C’est aussi une rupture brutale du devoir de protection. La justice ne doit donc pas seulement punir. Elle doit aussi envoyer un message suffisamment clair pour que l’auteur potentiel sache que le passage à l’acte entraînera des conséquences judiciaires sérieuses. Il faut durcir les peines. Certains citoyens vont jusqu’à proposer de nouvelles règles de calcul des sanctions, notamment en fonction de l’écart d’âge entre l’auteur et la victime lorsque celle-ci est un très jeune enfant. Le Bénin dispose déjà d’un cadre légal qui reconnaît la gravité particulière des violences sexuelles et prévoit des sanctions très lourdes dans les cas les plus graves.

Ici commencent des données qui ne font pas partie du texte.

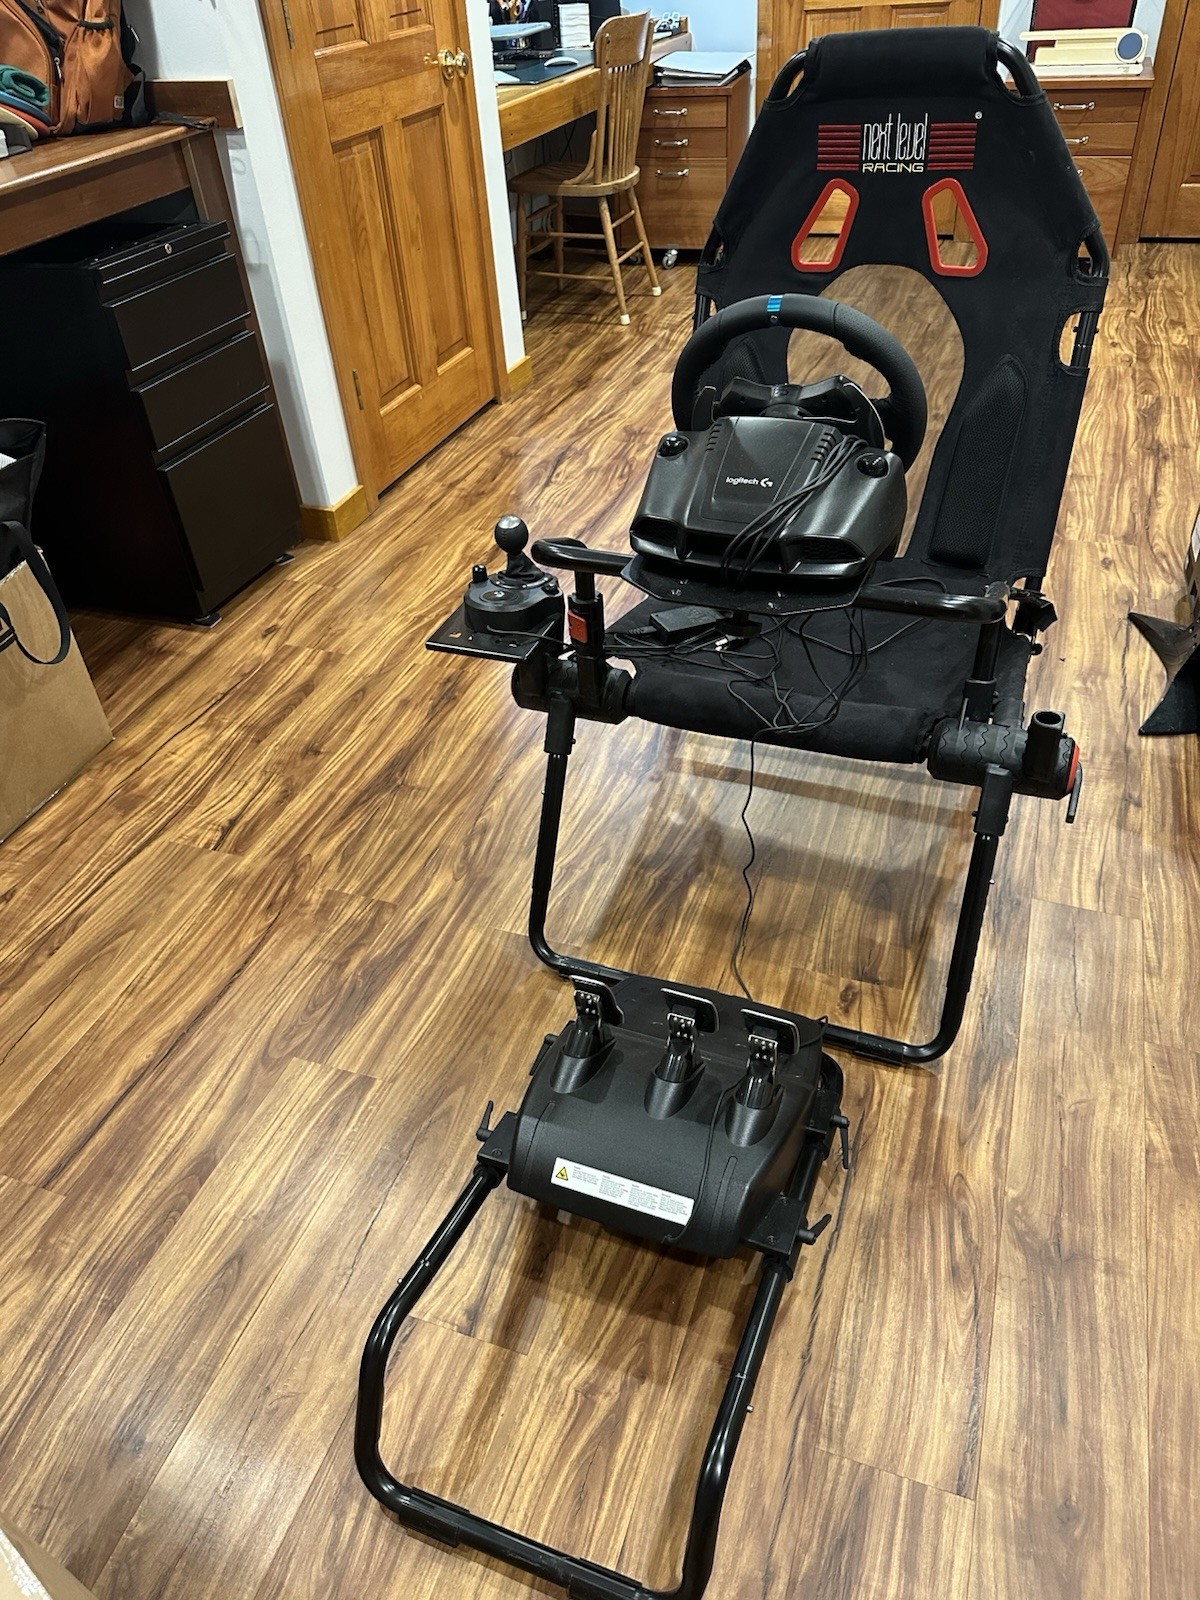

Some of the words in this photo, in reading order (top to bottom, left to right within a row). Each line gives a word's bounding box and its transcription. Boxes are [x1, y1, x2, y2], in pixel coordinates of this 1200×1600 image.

Lorsque le crime est établi, la réponse judiciaire doit être à la hauteur de sa gravité, dans le strict respect de la loi et des droits de la défense. C’est à ce prix que la protection de l’enfance cessera d’être seulement une déclaration de principe. Une enfant violée n’a pas simplement subi une infraction. La République doit donc faire en sorte que ceux qui s’en prennent à l’enfance sachent que la loi ne tremble pas devant eux.